▸ **THE TASK**:
Set down every record below exactly as it stands, leaving out the pictures.
Segment Start: RECORDS
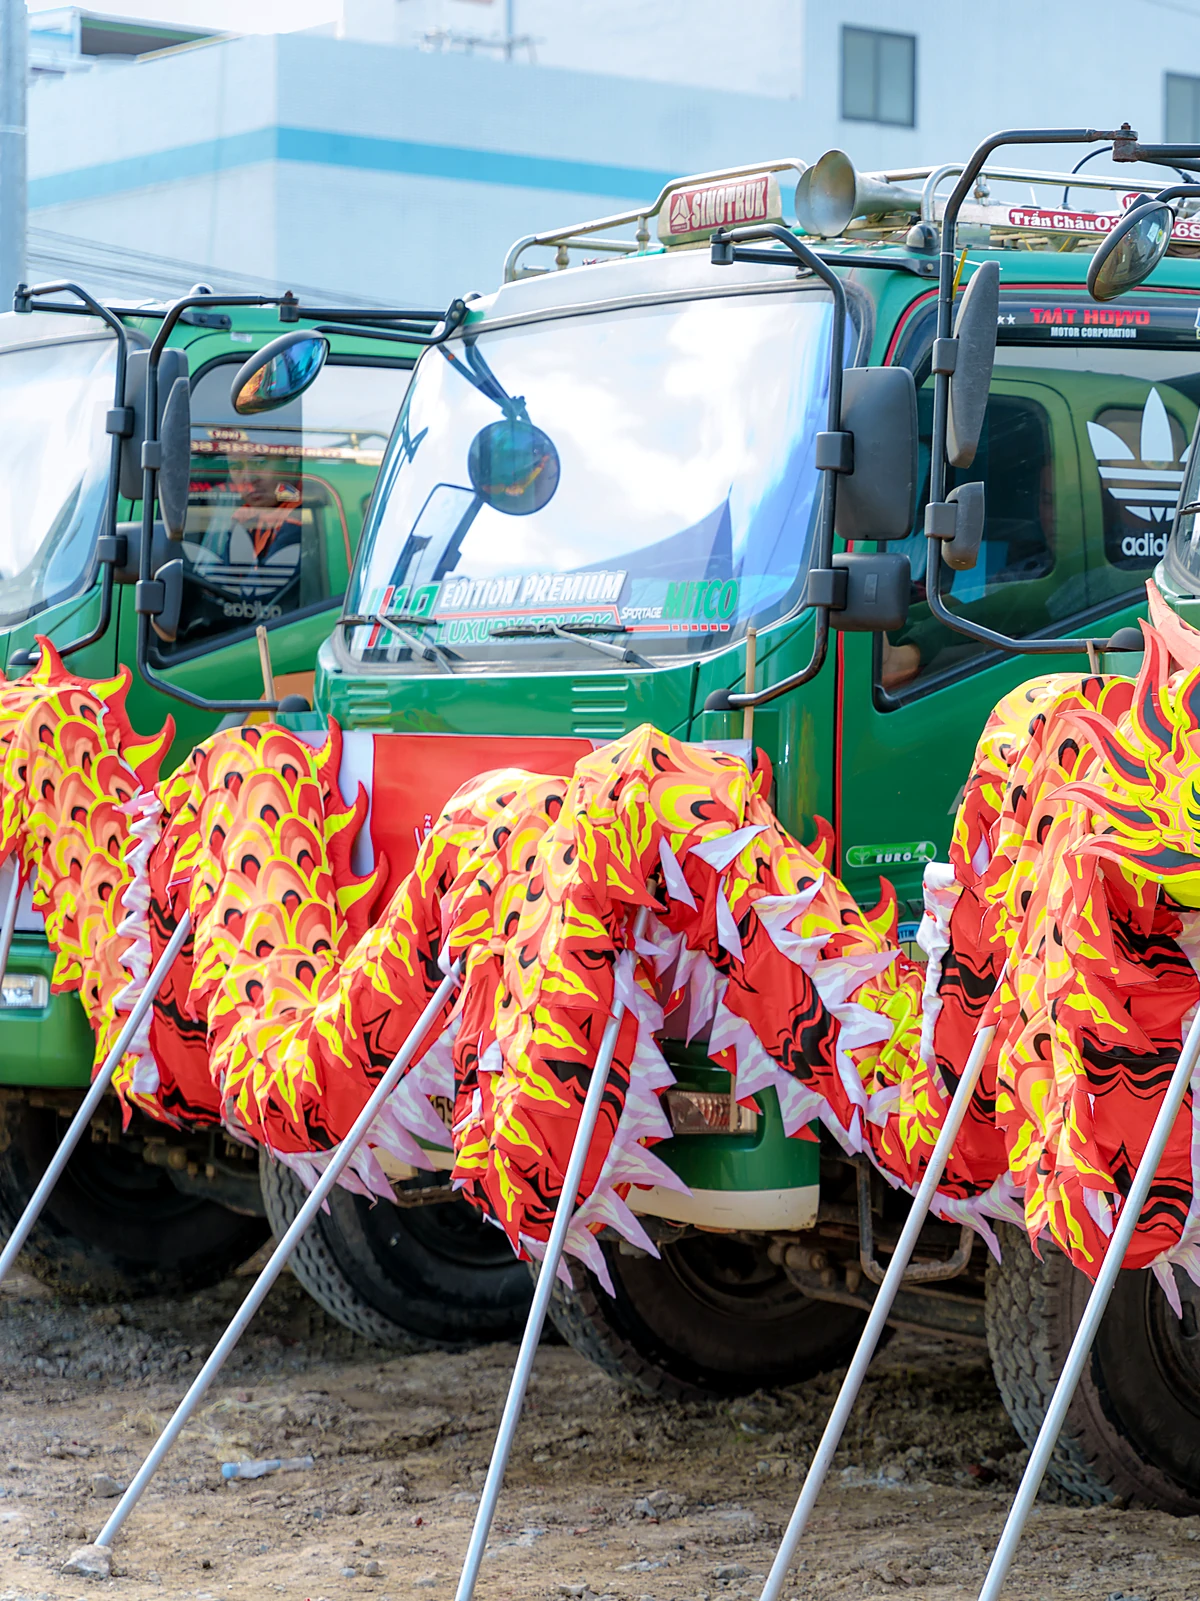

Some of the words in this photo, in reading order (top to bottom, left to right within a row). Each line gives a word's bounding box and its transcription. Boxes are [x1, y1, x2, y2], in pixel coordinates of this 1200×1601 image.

[691, 181, 766, 228] SINOTRUK
[1053, 214, 1095, 230] Châu
[1030, 307, 1077, 325] TMT
[1084, 309, 1150, 327] HOWO
[1051, 326, 1080, 338] MOTOR
[1081, 327, 1137, 339] CORPORATION
[1121, 532, 1168, 556] adid
[439, 576, 522, 609] EDITION
[520, 571, 626, 603] PREMIUM
[621, 606, 662, 619] SPORTAGE
[661, 579, 738, 619] MITCO
[876, 852, 912, 864] EURO
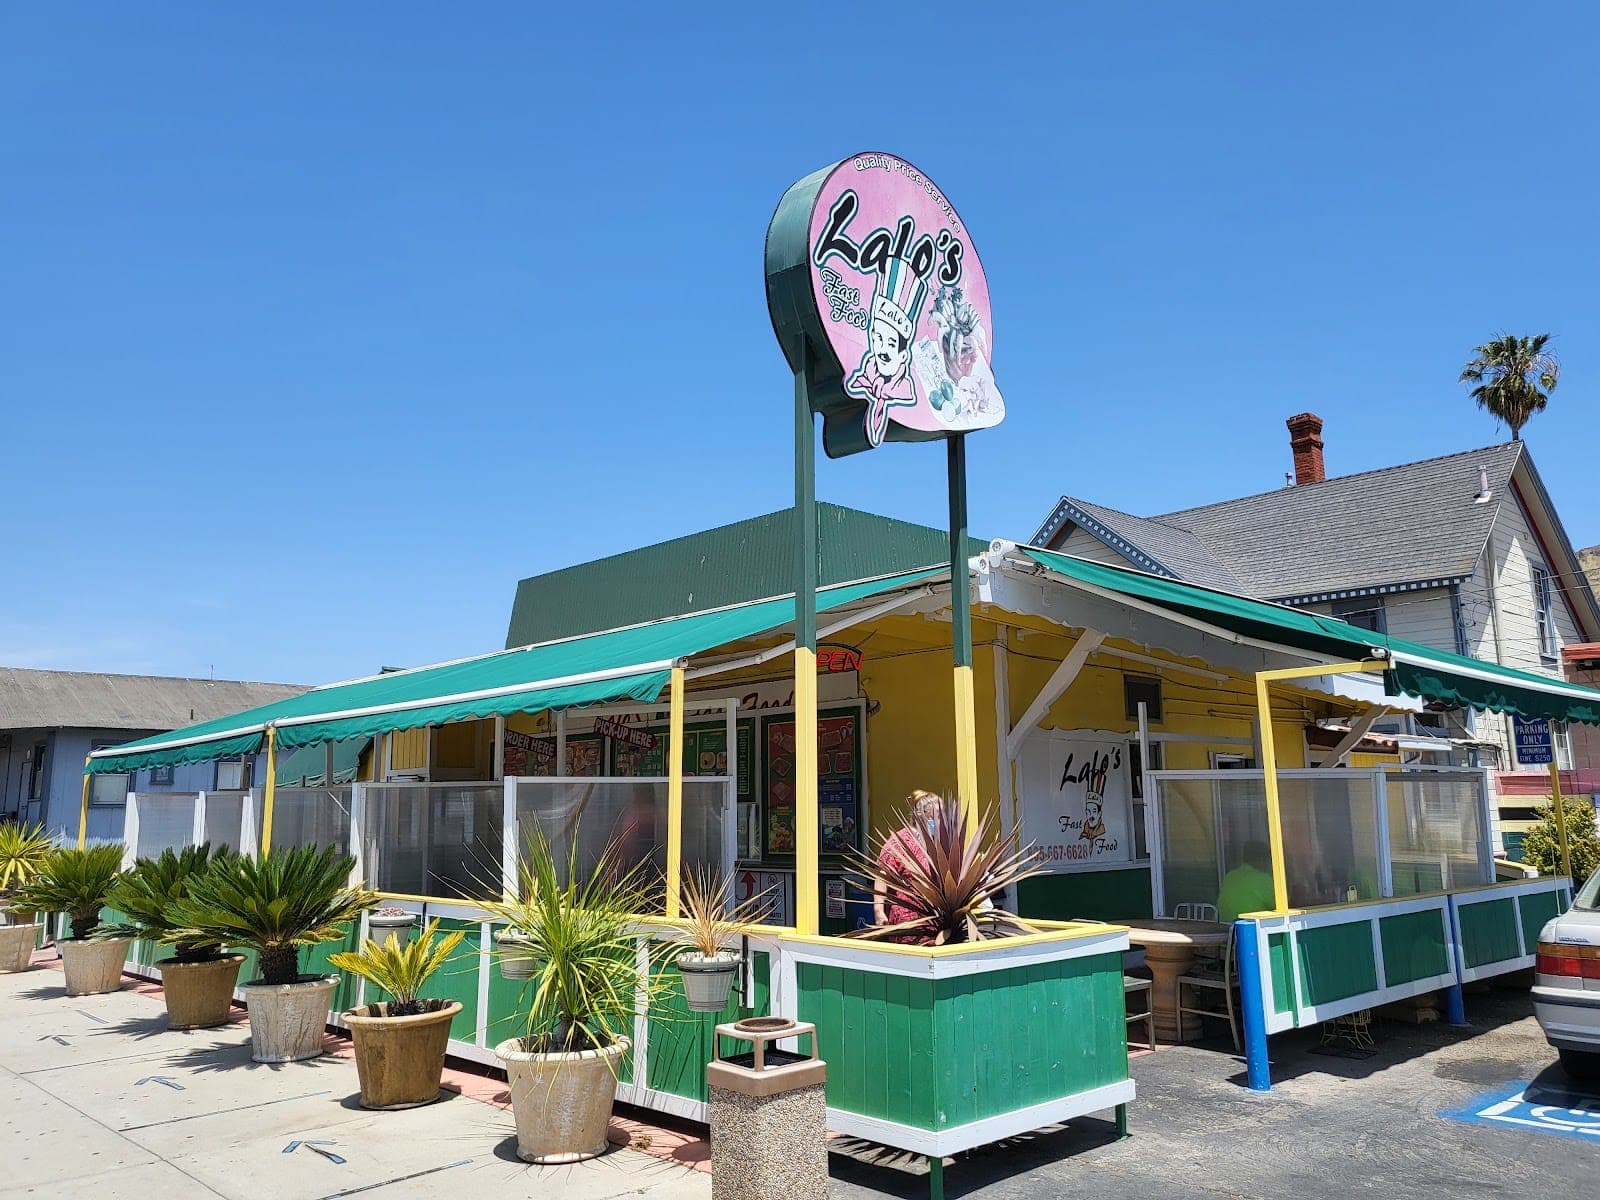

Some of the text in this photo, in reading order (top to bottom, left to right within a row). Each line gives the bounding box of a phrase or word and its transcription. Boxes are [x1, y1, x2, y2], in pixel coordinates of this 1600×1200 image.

[854, 155, 960, 233] Quality Price Service
[815, 190, 963, 287] Lalo's
[821, 267, 859, 305] Fast
[829, 295, 868, 330] Food
[879, 301, 909, 333] Lalo's
[816, 649, 864, 672] PEN
[594, 718, 629, 741] PICK-UP
[630, 729, 654, 748] HERE
[1515, 723, 1549, 734] PARKING
[1523, 735, 1543, 745] ONLY
[531, 738, 556, 757] HERE
[1060, 746, 1121, 792] Lalo's
[1058, 815, 1083, 833] Fast
[1094, 838, 1118, 855] Food
Segment End: RECORDS
▸ **ANSWER TO THE EXERCISE**:
Some of the words in this photo, in reading order (top to bottom, left to right within a row). Each line gives a word's bounding box and its transcription. Boxes are [x1, y1, x2, y2], in pixel coordinates of this 1200×1601 image.

[691, 181, 766, 228] SINOTRUK
[1053, 214, 1095, 230] Châu
[1030, 307, 1077, 325] TMT
[1084, 309, 1150, 327] HOWO
[1051, 326, 1080, 338] MOTOR
[1081, 327, 1137, 339] CORPORATION
[1121, 532, 1168, 556] adid
[439, 576, 522, 609] EDITION
[520, 571, 626, 603] PREMIUM
[621, 606, 662, 619] SPORTAGE
[661, 579, 738, 619] MITCO
[876, 852, 912, 864] EURO

Some of the text in this photo, in reading order (top to bottom, left to right within a row). Each line gives the bounding box of a phrase or word and its transcription. Boxes are [x1, y1, x2, y2], in pixel coordinates of this 1600×1200 image.

[854, 155, 960, 233] Quality Price Service
[815, 190, 963, 287] Lalo's
[821, 267, 859, 305] Fast
[829, 295, 868, 330] Food
[879, 301, 909, 333] Lalo's
[816, 649, 864, 672] PEN
[594, 718, 629, 741] PICK-UP
[630, 729, 654, 748] HERE
[1515, 723, 1549, 734] PARKING
[1523, 735, 1543, 745] ONLY
[531, 738, 556, 757] HERE
[1060, 746, 1121, 792] Lalo's
[1058, 815, 1083, 833] Fast
[1094, 838, 1118, 855] Food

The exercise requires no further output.